文献类型： 外文期刊

作者： Wang, Ai-Hua ¹ ; Yang, Lan ² ; Yao, Xin-Zhuan ¹ ; Wen, Xiao-Peng ¹ ;

作者机构： 1.Guizhou Univ, Key Lab Plant Resource Conservat & Germplasm Inno, Collaborat Innovat Ctr Mt Ecol & Agrobioengn CICM, Coll Life Sci,Inst Agrobioengn,Minist Educ, Guiyang 550025, Guizhou, Peoples R China

2.Guizhou Acad Agr Sci, Inst Hort Res, Guiyang 550006, Peoples R China

关键词： Pitaya; HpPEAMT; Glycine betaine; Drought tolerance; Antioxidant enzymes

期刊名称：PLANT CELL TISSUE AND ORGAN CULTURE （ 影响因子：2.711； 五年影响因子：2.73 ）

ISSN： 0167-6857

年卷期：

页码：

收录情况： SCI

摘要： Phosphoethanolamine N-methyltransferase (PEAMTase) catalyzes the methylation of phosphoethanolamine to produce phosphocholine and plays an important role in the abiotic stress response. Although the PEAMT genes has been isolated from many species other than pitaya, its role in the drought stress response has not yet been fully elucidated.

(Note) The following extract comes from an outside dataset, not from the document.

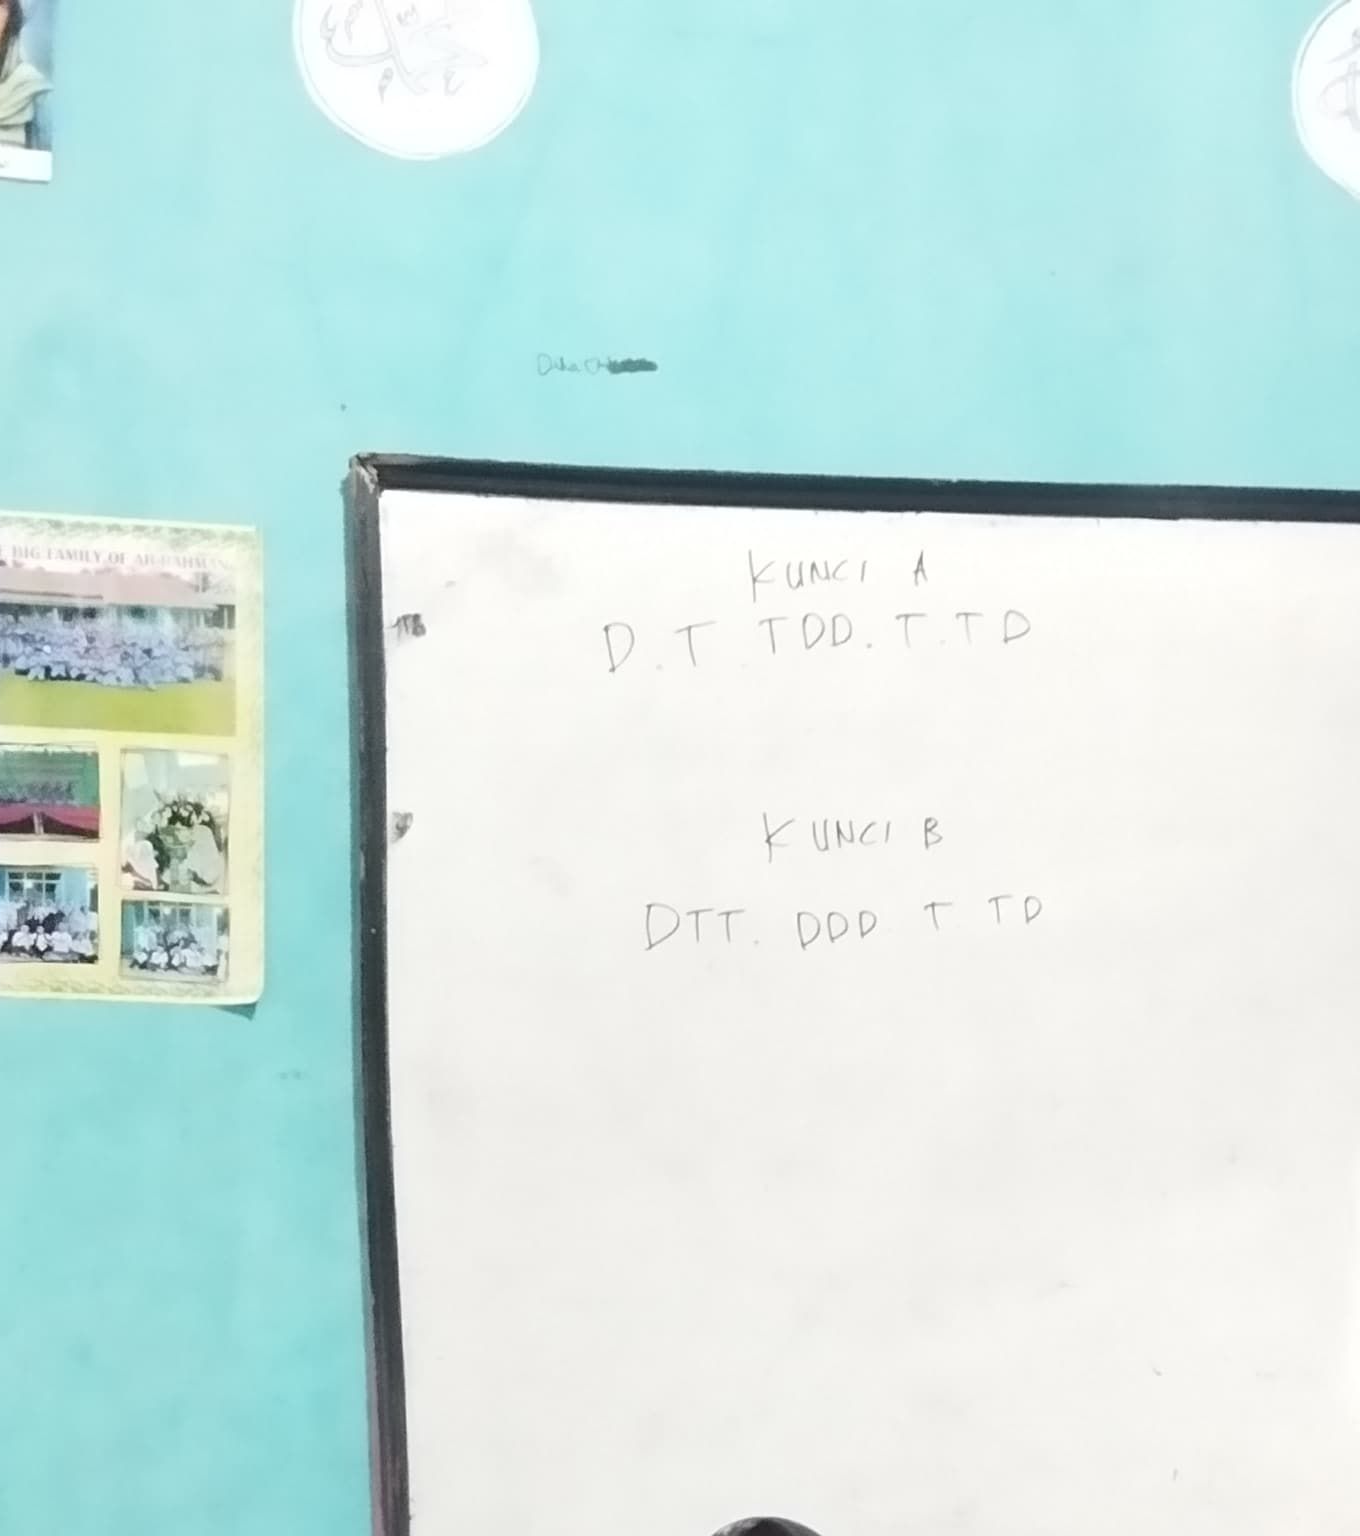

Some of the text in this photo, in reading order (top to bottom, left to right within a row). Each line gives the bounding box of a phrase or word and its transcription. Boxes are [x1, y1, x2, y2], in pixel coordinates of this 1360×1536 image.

In the present study, we isolated a 1485 bp cDNA fragment of HpPEAMT from pitaya (Hylocereus polyrhizus). Phylogenetic analysis showed that, during its evolution, HpPEAMT has shown a high degree of amino acid sequence similarity with the orthologous genes in Chenopodiaceae species. To further investigate the function of HpPEAMT, we generated transgenic tobacco plants overexpressing HpPEAMT, and the transgenic plants accumulated significantly more glycine betaine (GB) than did the wild type (WT). Drought tolerance trials indicated that, compared with those of the wild-type (WT) plants, the roots of the transgenic plants showed higher drought tolerance ability and exhibited improved drought tolerance. Further analysis revealed that overexpression of HpPEAM in Nicotiana tabacum resulted in upregulation of transcript levels of GB biosynthesis-related genes (NiBADH, NiCMO and NiSDC) in the leaves. Furthermore, compared with the wild-type plants, the transgenic tobacco plants displayed a significantly lower malondialdehyde (MDA) accumulation and higher activities of the superoxide dismutase (SOD) and peroxidase (POD) antioxidant enzymes under drought stress. Taken together, our results suggested that HpPEAMT enhanced the drought tolerance of transgenic tobacco. Key message Overexpression of the pitaya phosphoethanolamine N-methyltransferase gene (HpPEAMT) enhanced simulated drought stress in tobacco.